Um…was it absolutely necessary to torch an actual car on the stage of the Kodak Theatre while Kathleen Bird York sang that song from "Crash," complete with zombies moving in slow motion around the burning vehicle in what seemed like an homage to Debbie Allen’s dance numbers of yore? Ditto the Oscar-winning song from "Hustle & Flow" that glorified a soap opera vision of pimps and hos.
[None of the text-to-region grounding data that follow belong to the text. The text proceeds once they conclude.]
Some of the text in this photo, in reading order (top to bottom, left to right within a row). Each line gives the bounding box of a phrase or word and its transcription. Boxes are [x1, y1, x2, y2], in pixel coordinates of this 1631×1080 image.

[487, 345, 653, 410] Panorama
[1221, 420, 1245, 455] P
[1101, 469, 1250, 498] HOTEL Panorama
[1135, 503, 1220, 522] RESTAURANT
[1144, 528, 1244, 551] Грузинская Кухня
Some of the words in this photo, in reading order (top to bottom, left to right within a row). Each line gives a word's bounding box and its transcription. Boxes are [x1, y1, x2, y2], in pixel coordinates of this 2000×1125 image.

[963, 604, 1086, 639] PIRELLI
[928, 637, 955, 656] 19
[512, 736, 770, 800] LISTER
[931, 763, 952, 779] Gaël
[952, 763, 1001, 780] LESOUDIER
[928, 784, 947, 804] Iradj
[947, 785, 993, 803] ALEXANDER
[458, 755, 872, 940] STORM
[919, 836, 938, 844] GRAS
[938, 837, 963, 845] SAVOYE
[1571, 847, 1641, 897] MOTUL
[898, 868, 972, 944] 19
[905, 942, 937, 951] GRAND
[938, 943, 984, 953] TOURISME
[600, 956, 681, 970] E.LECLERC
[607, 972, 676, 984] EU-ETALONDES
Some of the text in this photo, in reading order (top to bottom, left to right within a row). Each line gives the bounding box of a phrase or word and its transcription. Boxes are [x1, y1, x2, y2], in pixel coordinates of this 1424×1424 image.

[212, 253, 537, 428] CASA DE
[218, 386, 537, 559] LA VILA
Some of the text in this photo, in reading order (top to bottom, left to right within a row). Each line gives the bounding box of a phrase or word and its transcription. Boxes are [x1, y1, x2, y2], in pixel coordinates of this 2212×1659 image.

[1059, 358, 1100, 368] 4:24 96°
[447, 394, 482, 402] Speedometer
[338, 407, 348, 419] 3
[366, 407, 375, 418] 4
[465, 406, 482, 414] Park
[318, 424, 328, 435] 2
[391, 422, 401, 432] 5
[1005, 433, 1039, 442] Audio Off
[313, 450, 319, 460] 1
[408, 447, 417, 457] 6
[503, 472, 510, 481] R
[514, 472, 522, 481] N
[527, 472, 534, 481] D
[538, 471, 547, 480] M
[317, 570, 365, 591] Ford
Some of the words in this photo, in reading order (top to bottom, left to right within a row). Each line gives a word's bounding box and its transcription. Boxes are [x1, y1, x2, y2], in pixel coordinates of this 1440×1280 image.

Let’s just compare the beginning of the 2006 Oscar winner for Best Song:
You know it's hard out here for a pimp (you ain't knowin)
When he tryin to get this money for the rent (you ain't knowin)
For the Cadillacs and gas money spent (you ain't knowin)
Because a whole lot of bitches talkin shit (you ain't knowin)
Will have a whole lot of bitches talkin shit (you ain't knowin).
It's fucked up where I live, but that's just how it is
It might be new to you, but it's been like this for years
It's blood sweat and tears when it come down to this shit
I'm tryin to get rich 'fore I leave up out this bitch
I'm tryin to have thangs but it's hard fo' a pimp
But I'm prayin and I'm hopin to God I don't slip, yeah.
with the beginning of the song that won the award in 1936:
Some day, when I'm awfully low,
When the world is cold,
I will feel a glow just thinking of you,
And the way you look tonight.
Yes you're lovely, with your smile so warm
And your cheeks so soft,
There is nothing for me but to love you,
And the way you look tonight.
Which song would you rather have playing at your wedding?I spent most of my rant about last year’s Oscar telecast bemoaning Chris Rock’s offensive comments about the physical attributes of co-presenters Salma Hayek and Penelope Cruz. I hated to see these talented women reduced to such stereotypes. Should I admit, then, that when Salma Hayek walked out on stage to present an award last night, my eyes practically bugged out of my head like one of those wolves in an old Tex Avery cartoon? Now that is old-school glamour. Salma could hold her own with the likes of Ava Gardner and Rita Hayworth any day of the week. But even more embarrassing was what happened a few minutes later. During a muted L’Oreal commercial, I piped up, “Oh, there she is again! God, she’s beautiful!” Oops. It wasn’t Salma Hayek, it was…Penelope Cruz. In any event, I’m looking forward to Hayek’s three movies coming out this year and Cruz’s four (including “Bandidas” starring both of them). Let’s start an Oscar buzz. After all, the only Latina to ever win an acting award was Rita Moreno and that was 45 years ago.
I thought this year’s set was hideous in a Beverly Center multiplex kind of way. And I was ridiculously off with my Oscar predictions, getting only one of the acting awards right and both of the writing awards. But enough—the Oscars are history, it’s time to start the campaigns for the 2007 Academy Awards. So far, the best actors I’ve seen are the dogs in “Eight Below.”